77 – Le royaume de Vijayanagar

http://jaisankarg.synthasite.com/resources/jawaharlal_nehru_glimpses_of_world_history.pdf

// 15 Juillet 1932 (Page 271-273 /992) //

 De tous les royaumes du sud dont nous avons parlé dans notre dernière lettre, Vijayanagar a la plus longue histoire. Il se trouve que de nombreux visiteurs étrangers y viennent et y déposent des comptes rendus de l’Etat et de la ville. Il y avait un Italien, Nicolo Conti, qui est venu en 1420 ; et Abdur-Razzaq de Herat, qui est venu de la cour du Grand Khan en Asie centrale en 1443 ; et Paes, un Portugais, qui visita la ville en 1522 ; et plein d’autres. Il y a aussi une histoire de l’Inde qui traite des États du sud de l’Inde, et en particulier de Bijapur. Cela a été écrit en persan par Ferishta à l’époque d’Akbar, peu de temps après la période que nous considérons. Les histoires contemporaines sont souvent très partielles et exagérées, mais elles sont d’une grande aide. Nous ne connaissons pratiquement aucun de ceux-ci pour les périodes pré-musulmanes, à l’exception des Rajatarangini du Cachemire. L’histoire de Ferishta était donc une grande innovation. D’autres l’ont suivi.

 

Les descriptions des visiteurs étrangers à Vijayanagar nous donnent une bonne image impartiale de la ville. Ils nous en disent plus que les récits des misérables guerres qui se déroulaient fréquemment. Je vais donc te dire quelque chose de ce que disent ces gens.

 

Vijayanagar a été fondée vers 1336. Elle était située dans ce que l’on appelle la région du Karnataka au sud de l’Inde. Étant un État hindou, il a naturellement attiré un grand nombre de réfugiés des États musulmans du sud. Il a grandi rapidement. En quelques années, l’Etat domine le sud et la capitale attire l’attention par sa richesse et sa beauté.
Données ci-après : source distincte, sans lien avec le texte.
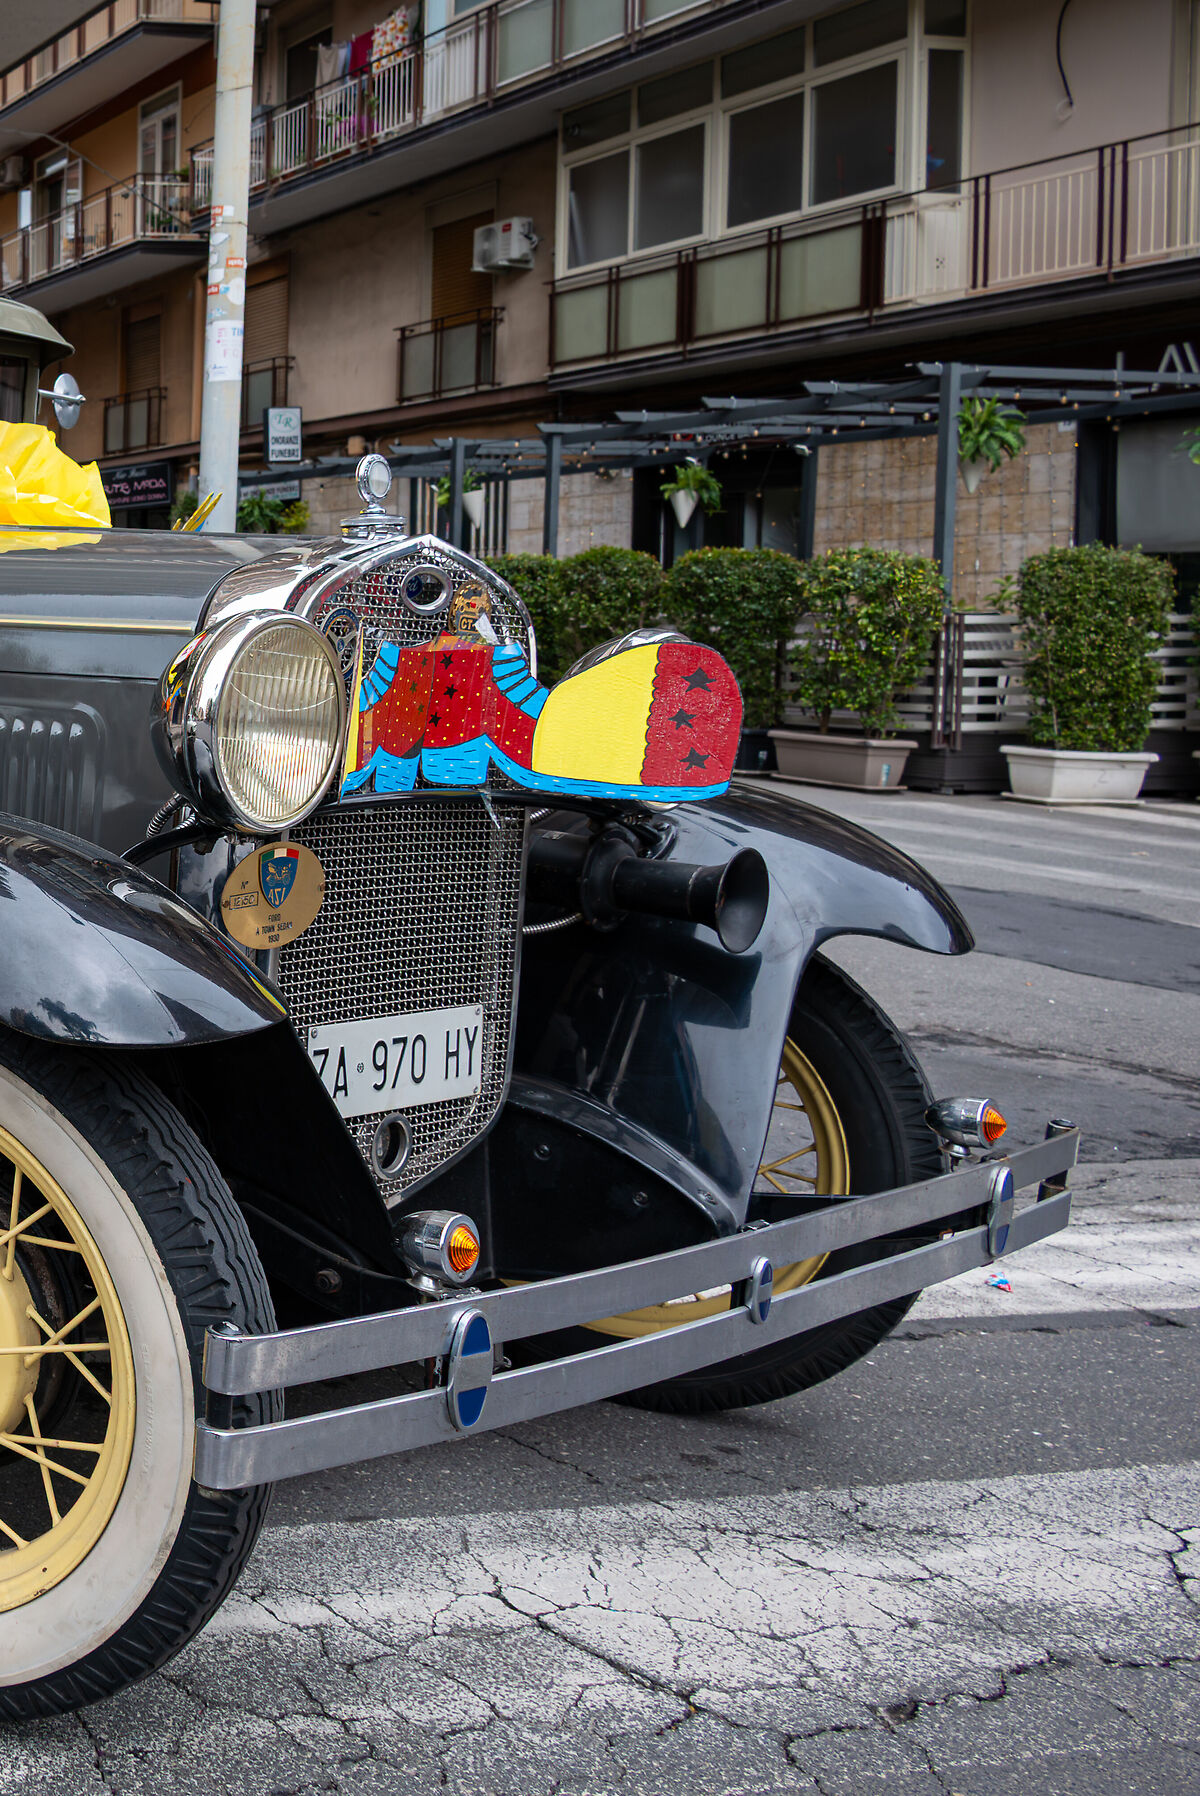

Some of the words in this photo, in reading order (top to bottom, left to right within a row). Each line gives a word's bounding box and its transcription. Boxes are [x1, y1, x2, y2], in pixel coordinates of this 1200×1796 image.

[271, 436, 299, 445] ONORANZE
[271, 449, 299, 458] FUNEBRI
[268, 887, 286, 906] ASI
[268, 914, 281, 922] FORD
[261, 925, 276, 935] TOWN
[277, 922, 293, 931] SEDAN
[372, 1034, 427, 1091] 970
[445, 1025, 478, 1080] HY
Vijayanagar est devenu la puissance dominante dans le Dekhan.

 

Ferishta nous parle de sa grande richesse et décrit la capitale en 1406, lorsqu’un roi musulman bahmani de Gulbarga s’y rend pour épouser une princesse de Vijayanagar. Il dit que sur six miles, la route était recouverte de tissus d’or et de velours et d’autres étoffes riches similaires. Quel terrible et scandaleux gaspillage d’argent.
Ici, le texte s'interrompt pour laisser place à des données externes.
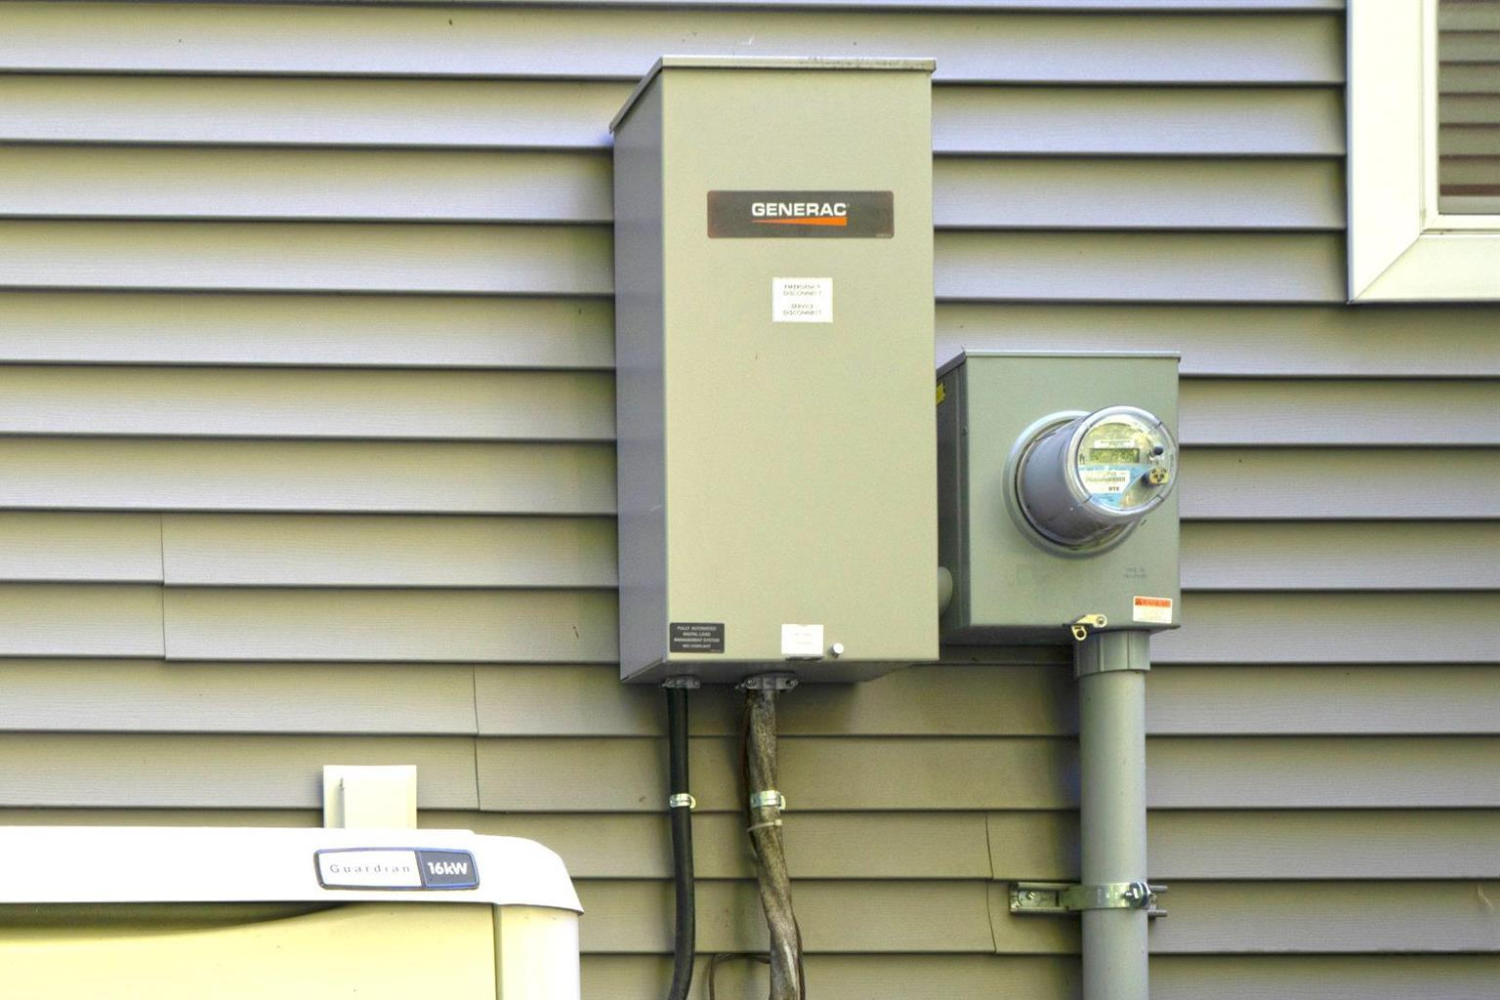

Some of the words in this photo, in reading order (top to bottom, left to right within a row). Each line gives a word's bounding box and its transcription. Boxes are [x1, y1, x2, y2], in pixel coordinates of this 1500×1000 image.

[751, 202, 847, 217] GENERAC
[329, 863, 411, 874] Guardian
[427, 861, 469, 875] 16kW
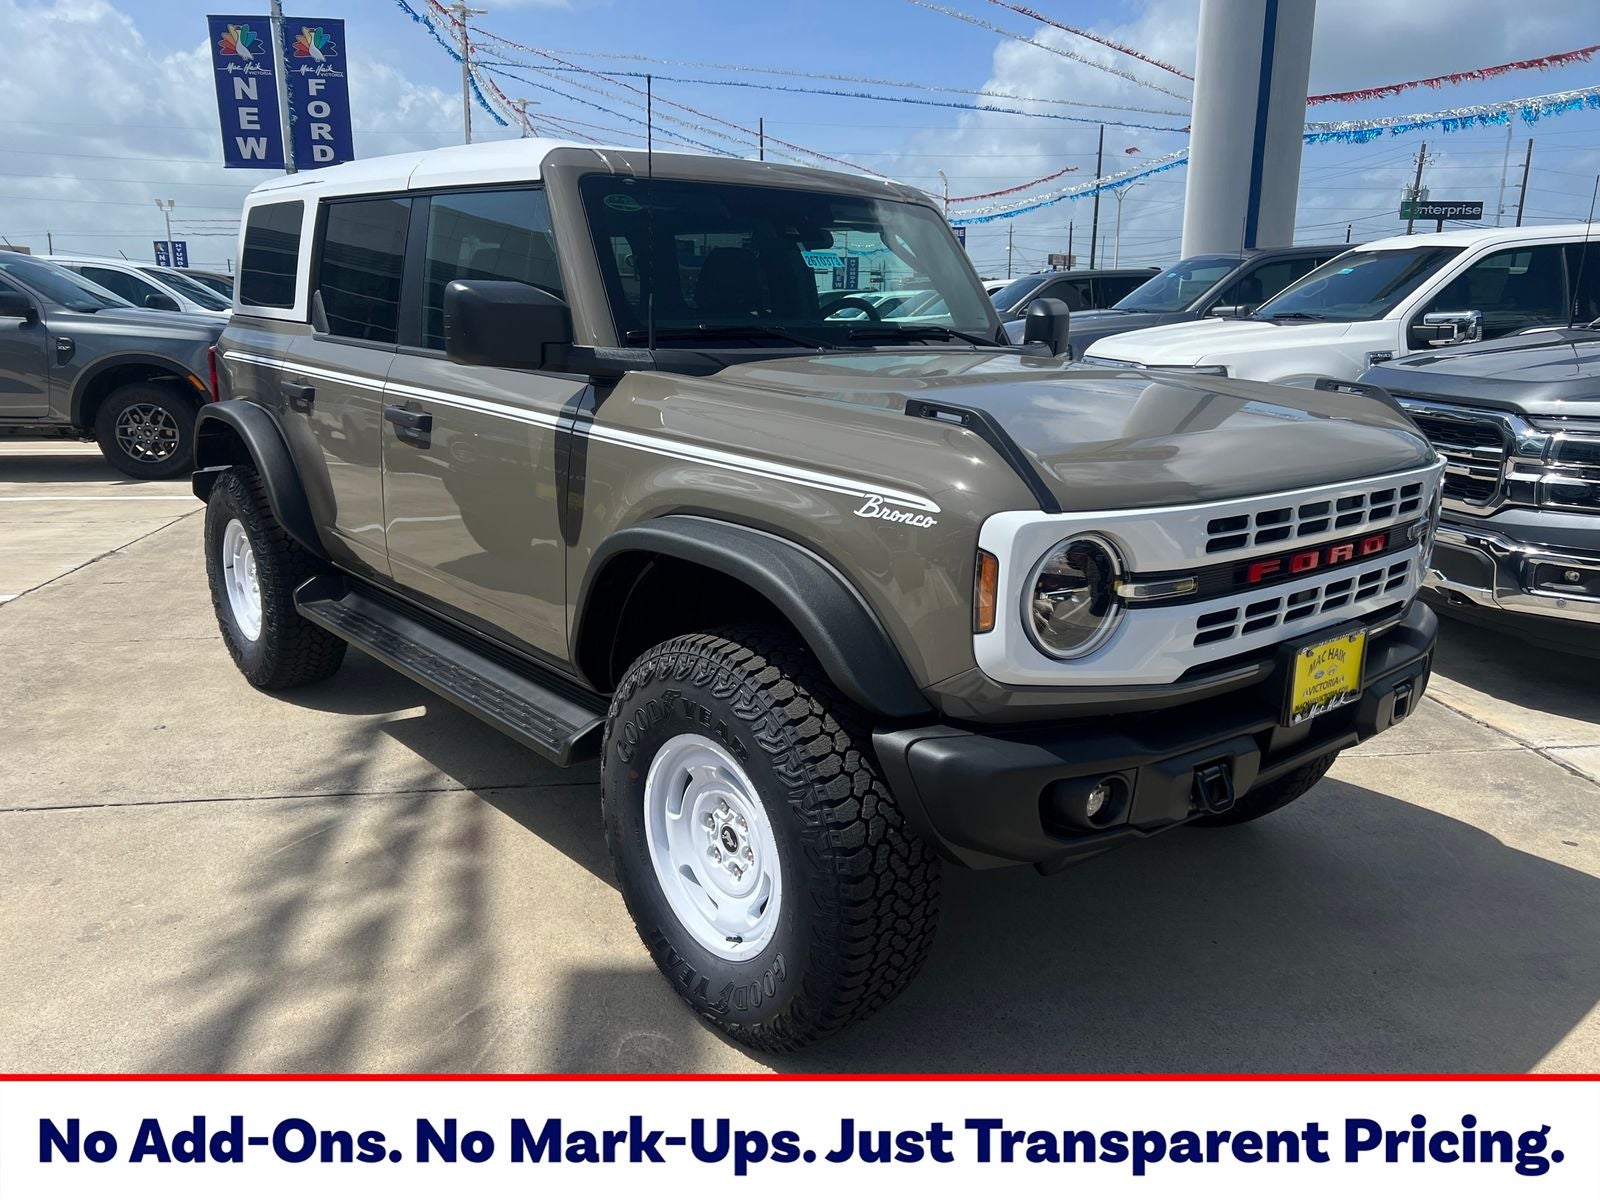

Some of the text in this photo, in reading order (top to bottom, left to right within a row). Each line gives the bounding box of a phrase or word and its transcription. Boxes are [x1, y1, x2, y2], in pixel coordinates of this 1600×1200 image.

En 1420 est venu l’Italien, Nicolo Conti, et il nous dit que la circonférence de la ville était de soixante milles. Cette zone était si vaste car il y avait de nombreux jardins. Conti était d’avis que le dirigeant de Vijayanagar, ou Raya comme on l’appelait, était le dirigeant le plus puissant de l’Inde à l’époque.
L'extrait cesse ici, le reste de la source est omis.